Ulmer and The College of Physicians and Surgeons agree then. Both advocate for the SAFE, APPROPRIATE and RESPONSIBLE use of opioids. As long as guidelines are followed, no physician has cause for worry. Seems reasonable to me.

Scott Stevens
Scott Stevens
4 years ago

It’s too bad people like Barry Ulmer and 100s of other advocates has to waste their time & effort informing CPSA that they screwed up & going over their mandate & power.
It’s only worsened the end result is putting people in pain with more than enough problems through Hell. Having deprescribing reversed is even a bigger hurdle to have them admit they were wrong.
Keep in mind the patient is never aware of anything until the Doctor has to inform him on the CPSA actions.
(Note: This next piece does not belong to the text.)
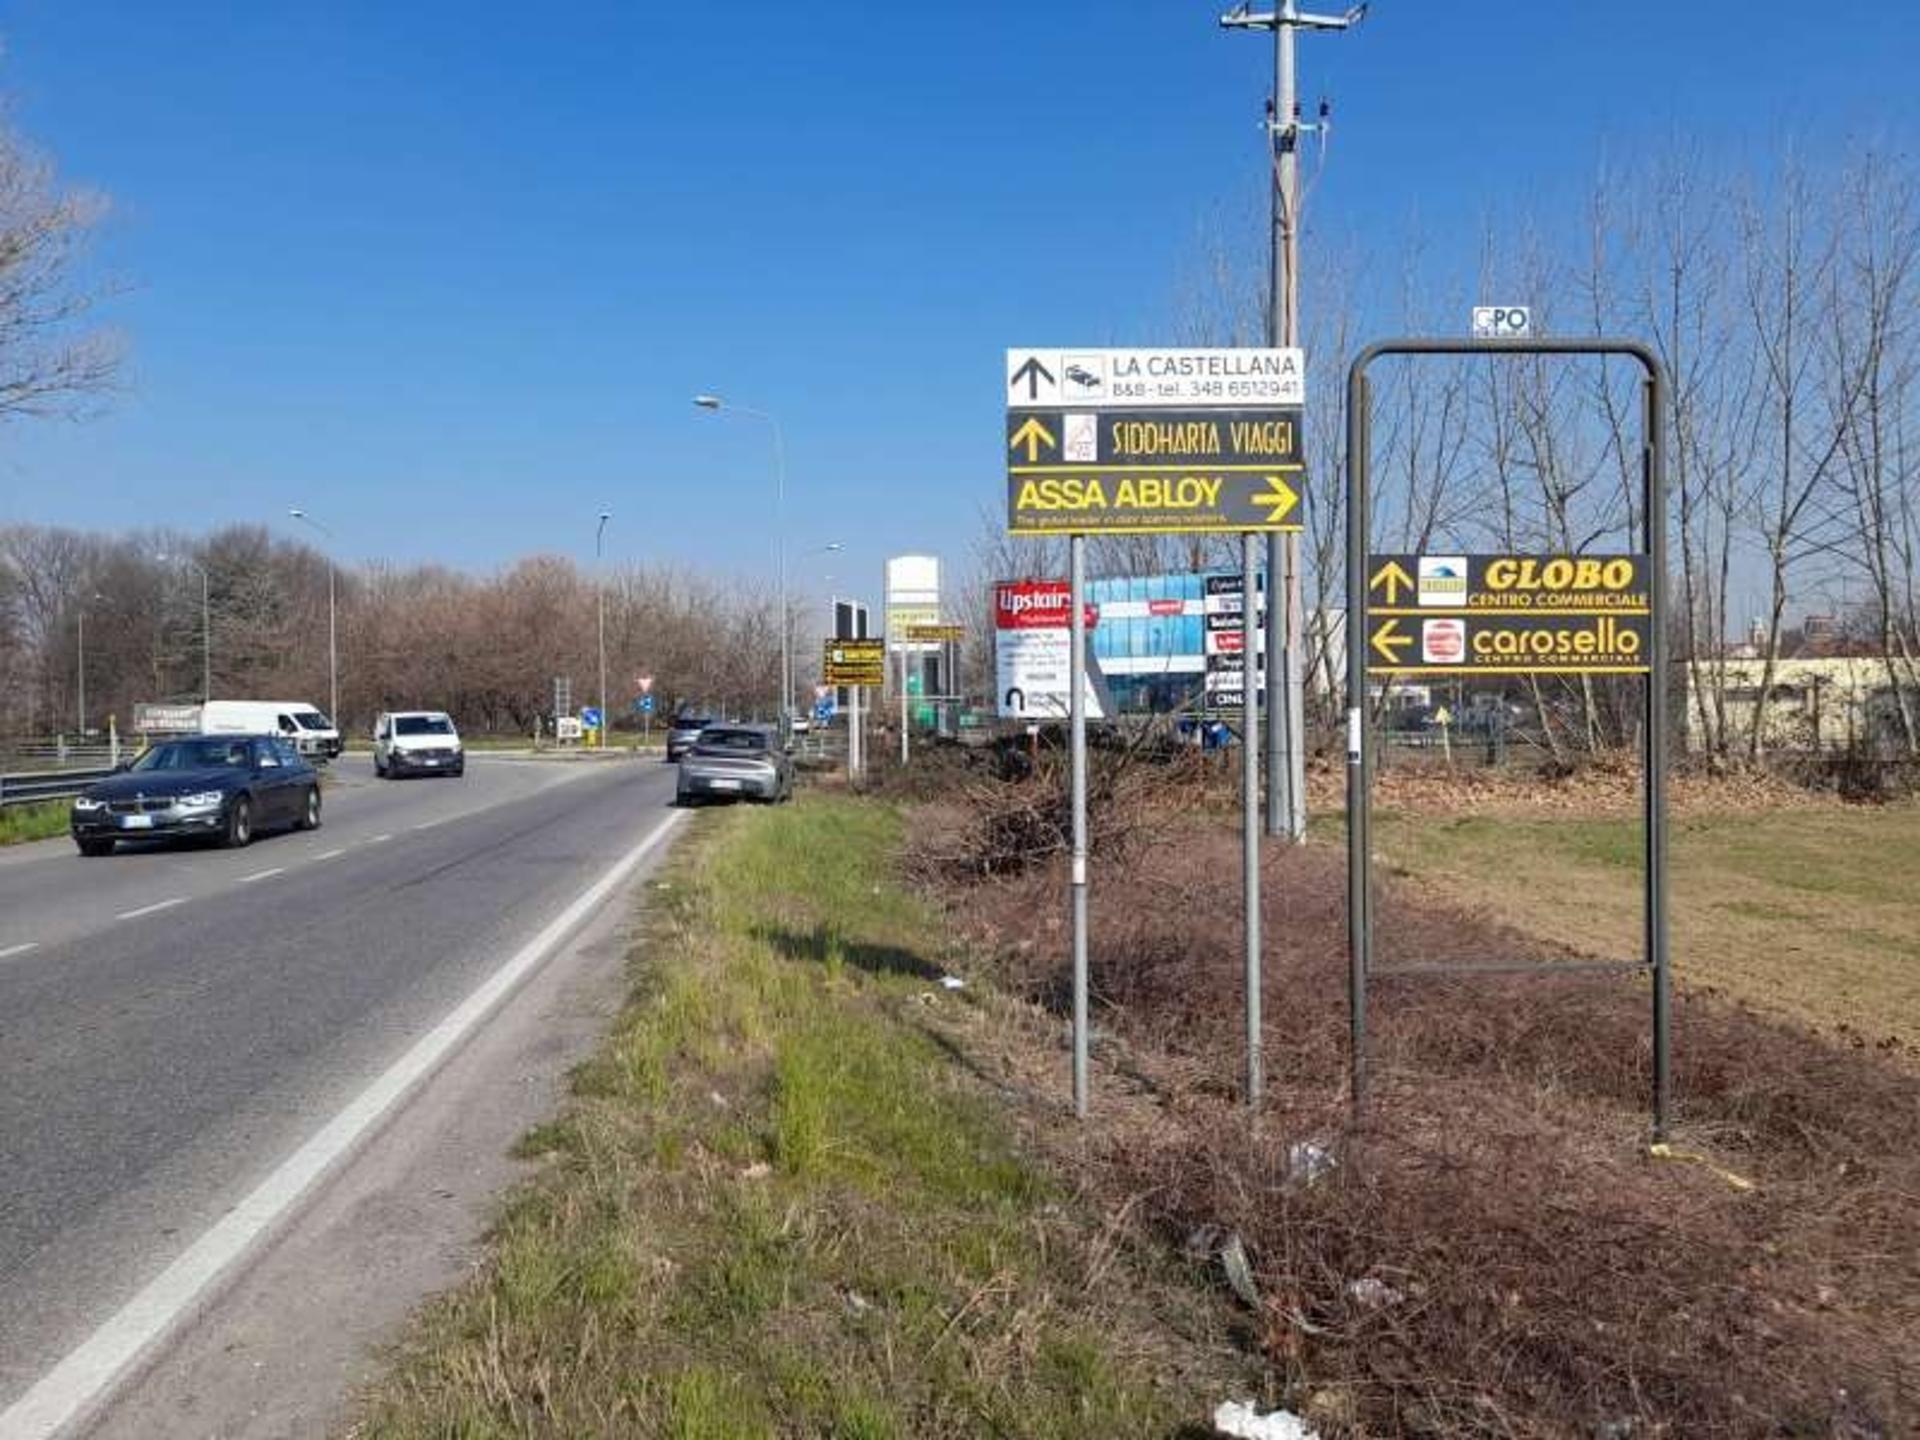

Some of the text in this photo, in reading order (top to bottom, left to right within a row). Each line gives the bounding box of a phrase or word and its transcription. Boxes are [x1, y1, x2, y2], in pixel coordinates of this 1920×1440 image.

Makes the entire process pretty hard to show or get any assistance to patients from Human Rights Commision. I understand there must have been times when medications have been found to be harmful, yet CPSA jumping on board the CDC flawed and faulty and mis directed guidelines, is not the case. Opioid medications used as prescribed for long term use on chronic pain patients has rarely caused adverse effects. There are very few studies and most that are available are flawed with the CDC admitting to flawed findings
It would be so nice to have just the College to admit their wrongs or change & then agree.